(Spatial localization data)
--------------------

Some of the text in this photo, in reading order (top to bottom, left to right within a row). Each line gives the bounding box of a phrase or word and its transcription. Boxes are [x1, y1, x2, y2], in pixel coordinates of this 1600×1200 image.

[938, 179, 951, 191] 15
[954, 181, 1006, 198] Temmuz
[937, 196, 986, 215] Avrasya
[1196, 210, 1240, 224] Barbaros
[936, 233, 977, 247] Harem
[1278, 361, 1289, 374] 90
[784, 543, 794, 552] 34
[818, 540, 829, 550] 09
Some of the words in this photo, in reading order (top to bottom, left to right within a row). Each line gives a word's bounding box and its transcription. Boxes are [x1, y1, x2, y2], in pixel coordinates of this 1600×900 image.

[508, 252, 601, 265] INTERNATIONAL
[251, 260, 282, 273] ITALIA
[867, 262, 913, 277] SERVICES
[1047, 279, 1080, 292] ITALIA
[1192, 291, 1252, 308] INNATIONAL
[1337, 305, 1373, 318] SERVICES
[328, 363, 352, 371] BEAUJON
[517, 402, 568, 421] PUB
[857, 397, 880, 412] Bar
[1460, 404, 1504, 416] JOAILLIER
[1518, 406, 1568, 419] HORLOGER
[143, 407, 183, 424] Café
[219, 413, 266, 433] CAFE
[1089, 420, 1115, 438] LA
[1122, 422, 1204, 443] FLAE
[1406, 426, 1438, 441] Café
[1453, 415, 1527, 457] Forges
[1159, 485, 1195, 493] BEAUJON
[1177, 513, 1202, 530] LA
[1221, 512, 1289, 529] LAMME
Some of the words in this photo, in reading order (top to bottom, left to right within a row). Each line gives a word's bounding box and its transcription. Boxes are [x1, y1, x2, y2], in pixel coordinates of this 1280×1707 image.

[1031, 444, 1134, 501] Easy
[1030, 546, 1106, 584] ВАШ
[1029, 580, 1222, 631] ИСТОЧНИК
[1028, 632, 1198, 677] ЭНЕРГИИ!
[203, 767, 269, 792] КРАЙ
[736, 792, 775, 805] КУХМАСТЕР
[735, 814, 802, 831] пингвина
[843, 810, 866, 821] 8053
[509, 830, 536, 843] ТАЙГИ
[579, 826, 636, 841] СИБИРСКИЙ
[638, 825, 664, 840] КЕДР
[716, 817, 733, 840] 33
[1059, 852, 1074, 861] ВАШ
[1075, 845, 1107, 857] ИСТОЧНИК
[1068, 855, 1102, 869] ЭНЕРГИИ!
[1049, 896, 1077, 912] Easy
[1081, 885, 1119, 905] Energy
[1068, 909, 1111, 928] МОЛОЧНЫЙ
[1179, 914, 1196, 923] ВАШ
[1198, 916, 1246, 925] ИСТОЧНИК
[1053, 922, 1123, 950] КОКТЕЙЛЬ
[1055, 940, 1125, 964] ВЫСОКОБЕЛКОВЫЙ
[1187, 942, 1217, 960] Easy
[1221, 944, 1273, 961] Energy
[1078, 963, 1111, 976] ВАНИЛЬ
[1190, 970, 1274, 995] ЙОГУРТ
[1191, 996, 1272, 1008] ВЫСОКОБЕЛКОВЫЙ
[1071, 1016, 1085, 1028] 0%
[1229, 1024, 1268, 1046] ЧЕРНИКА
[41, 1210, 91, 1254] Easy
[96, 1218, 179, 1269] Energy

--------------------

A verbatim output of all the data above is needed.

Result of the task ▸
Some of the text in this photo, in reading order (top to bottom, left to right within a row). Each line gives the bounding box of a phrase or word and its transcription. Boxes are [x1, y1, x2, y2], in pixel coordinates of this 1600×1200 image.

[938, 179, 951, 191] 15
[954, 181, 1006, 198] Temmuz
[937, 196, 986, 215] Avrasya
[1196, 210, 1240, 224] Barbaros
[936, 233, 977, 247] Harem
[1278, 361, 1289, 374] 90
[784, 543, 794, 552] 34
[818, 540, 829, 550] 09
Some of the words in this photo, in reading order (top to bottom, left to right within a row). Each line gives a word's bounding box and its transcription. Boxes are [x1, y1, x2, y2], in pixel coordinates of this 1600×900 image.

[508, 252, 601, 265] INTERNATIONAL
[251, 260, 282, 273] ITALIA
[867, 262, 913, 277] SERVICES
[1047, 279, 1080, 292] ITALIA
[1192, 291, 1252, 308] INNATIONAL
[1337, 305, 1373, 318] SERVICES
[328, 363, 352, 371] BEAUJON
[517, 402, 568, 421] PUB
[857, 397, 880, 412] Bar
[1460, 404, 1504, 416] JOAILLIER
[1518, 406, 1568, 419] HORLOGER
[143, 407, 183, 424] Café
[219, 413, 266, 433] CAFE
[1089, 420, 1115, 438] LA
[1122, 422, 1204, 443] FLAE
[1406, 426, 1438, 441] Café
[1453, 415, 1527, 457] Forges
[1159, 485, 1195, 493] BEAUJON
[1177, 513, 1202, 530] LA
[1221, 512, 1289, 529] LAMME
Some of the words in this photo, in reading order (top to bottom, left to right within a row). Each line gives a word's bounding box and its transcription. Boxes are [x1, y1, x2, y2], in pixel coordinates of this 1280×1707 image.

[1031, 444, 1134, 501] Easy
[1030, 546, 1106, 584] ВАШ
[1029, 580, 1222, 631] ИСТОЧНИК
[1028, 632, 1198, 677] ЭНЕРГИИ!
[203, 767, 269, 792] КРАЙ
[736, 792, 775, 805] КУХМАСТЕР
[735, 814, 802, 831] пингвина
[843, 810, 866, 821] 8053
[509, 830, 536, 843] ТАЙГИ
[579, 826, 636, 841] СИБИРСКИЙ
[638, 825, 664, 840] КЕДР
[716, 817, 733, 840] 33
[1059, 852, 1074, 861] ВАШ
[1075, 845, 1107, 857] ИСТОЧНИК
[1068, 855, 1102, 869] ЭНЕРГИИ!
[1049, 896, 1077, 912] Easy
[1081, 885, 1119, 905] Energy
[1068, 909, 1111, 928] МОЛОЧНЫЙ
[1179, 914, 1196, 923] ВАШ
[1198, 916, 1246, 925] ИСТОЧНИК
[1053, 922, 1123, 950] КОКТЕЙЛЬ
[1055, 940, 1125, 964] ВЫСОКОБЕЛКОВЫЙ
[1187, 942, 1217, 960] Easy
[1221, 944, 1273, 961] Energy
[1078, 963, 1111, 976] ВАНИЛЬ
[1190, 970, 1274, 995] ЙОГУРТ
[1191, 996, 1272, 1008] ВЫСОКОБЕЛКОВЫЙ
[1071, 1016, 1085, 1028] 0%
[1229, 1024, 1268, 1046] ЧЕРНИКА
[41, 1210, 91, 1254] Easy
[96, 1218, 179, 1269] Energy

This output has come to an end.